### Assignment
Please print the whole of the listing that follows exactly.

START The data

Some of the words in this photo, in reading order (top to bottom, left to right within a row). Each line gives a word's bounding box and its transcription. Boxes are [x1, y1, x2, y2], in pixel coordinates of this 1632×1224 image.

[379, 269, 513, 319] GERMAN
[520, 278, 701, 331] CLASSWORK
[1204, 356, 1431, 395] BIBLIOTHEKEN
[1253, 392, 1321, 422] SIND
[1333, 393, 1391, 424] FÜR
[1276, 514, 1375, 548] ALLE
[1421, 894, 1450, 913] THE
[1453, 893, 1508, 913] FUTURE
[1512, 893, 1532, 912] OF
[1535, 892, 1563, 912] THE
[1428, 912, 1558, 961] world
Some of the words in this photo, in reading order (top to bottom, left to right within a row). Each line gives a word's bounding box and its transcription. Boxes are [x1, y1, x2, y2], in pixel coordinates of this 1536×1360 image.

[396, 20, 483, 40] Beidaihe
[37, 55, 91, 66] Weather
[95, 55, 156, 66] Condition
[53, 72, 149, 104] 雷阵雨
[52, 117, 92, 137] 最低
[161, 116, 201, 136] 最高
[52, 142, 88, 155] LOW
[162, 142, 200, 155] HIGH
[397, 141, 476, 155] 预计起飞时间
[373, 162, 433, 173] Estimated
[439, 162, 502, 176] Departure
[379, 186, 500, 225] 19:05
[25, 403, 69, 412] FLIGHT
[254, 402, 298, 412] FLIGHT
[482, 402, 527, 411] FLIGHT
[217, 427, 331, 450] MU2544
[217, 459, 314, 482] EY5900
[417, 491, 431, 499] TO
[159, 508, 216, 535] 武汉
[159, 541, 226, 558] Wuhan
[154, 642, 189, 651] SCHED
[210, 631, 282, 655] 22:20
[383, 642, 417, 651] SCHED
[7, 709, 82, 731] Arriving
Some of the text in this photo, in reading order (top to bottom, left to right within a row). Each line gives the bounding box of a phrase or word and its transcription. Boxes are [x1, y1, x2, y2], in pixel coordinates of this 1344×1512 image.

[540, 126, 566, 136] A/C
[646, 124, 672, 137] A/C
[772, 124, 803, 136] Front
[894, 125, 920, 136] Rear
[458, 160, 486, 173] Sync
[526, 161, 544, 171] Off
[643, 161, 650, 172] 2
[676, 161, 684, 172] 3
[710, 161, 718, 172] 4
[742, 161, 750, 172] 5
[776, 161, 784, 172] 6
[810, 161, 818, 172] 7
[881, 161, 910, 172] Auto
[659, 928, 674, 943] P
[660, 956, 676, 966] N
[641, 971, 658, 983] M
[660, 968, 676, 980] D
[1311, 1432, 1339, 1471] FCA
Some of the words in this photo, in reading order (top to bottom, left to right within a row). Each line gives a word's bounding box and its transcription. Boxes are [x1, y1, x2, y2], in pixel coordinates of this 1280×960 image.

END The data

### Result for this task
Some of the words in this photo, in reading order (top to bottom, left to right within a row). Each line gives a word's bounding box and its transcription. Boxes are [x1, y1, x2, y2], in pixel coordinates of this 1632×1224 image.

[379, 269, 513, 319] GERMAN
[520, 278, 701, 331] CLASSWORK
[1204, 356, 1431, 395] BIBLIOTHEKEN
[1253, 392, 1321, 422] SIND
[1333, 393, 1391, 424] FÜR
[1276, 514, 1375, 548] ALLE
[1421, 894, 1450, 913] THE
[1453, 893, 1508, 913] FUTURE
[1512, 893, 1532, 912] OF
[1535, 892, 1563, 912] THE
[1428, 912, 1558, 961] world
Some of the words in this photo, in reading order (top to bottom, left to right within a row). Each line gives a word's bounding box and its transcription. Boxes are [x1, y1, x2, y2], in pixel coordinates of this 1536×1360 image.

[396, 20, 483, 40] Beidaihe
[37, 55, 91, 66] Weather
[95, 55, 156, 66] Condition
[53, 72, 149, 104] 雷阵雨
[52, 117, 92, 137] 最低
[161, 116, 201, 136] 最高
[52, 142, 88, 155] LOW
[162, 142, 200, 155] HIGH
[397, 141, 476, 155] 预计起飞时间
[373, 162, 433, 173] Estimated
[439, 162, 502, 176] Departure
[379, 186, 500, 225] 19:05
[25, 403, 69, 412] FLIGHT
[254, 402, 298, 412] FLIGHT
[482, 402, 527, 411] FLIGHT
[217, 427, 331, 450] MU2544
[217, 459, 314, 482] EY5900
[417, 491, 431, 499] TO
[159, 508, 216, 535] 武汉
[159, 541, 226, 558] Wuhan
[154, 642, 189, 651] SCHED
[210, 631, 282, 655] 22:20
[383, 642, 417, 651] SCHED
[7, 709, 82, 731] Arriving
Some of the text in this photo, in reading order (top to bottom, left to right within a row). Each line gives the bounding box of a phrase or word and its transcription. Boxes are [x1, y1, x2, y2], in pixel coordinates of this 1344×1512 image.

[540, 126, 566, 136] A/C
[646, 124, 672, 137] A/C
[772, 124, 803, 136] Front
[894, 125, 920, 136] Rear
[458, 160, 486, 173] Sync
[526, 161, 544, 171] Off
[643, 161, 650, 172] 2
[676, 161, 684, 172] 3
[710, 161, 718, 172] 4
[742, 161, 750, 172] 5
[776, 161, 784, 172] 6
[810, 161, 818, 172] 7
[881, 161, 910, 172] Auto
[659, 928, 674, 943] P
[660, 956, 676, 966] N
[641, 971, 658, 983] M
[660, 968, 676, 980] D
[1311, 1432, 1339, 1471] FCA
Some of the words in this photo, in reading order (top to bottom, left to right within a row). Each line gives a word's bounding box and its transcription. Boxes are [x1, y1, x2, y2], in pixel coordinates of this 1280×960 image.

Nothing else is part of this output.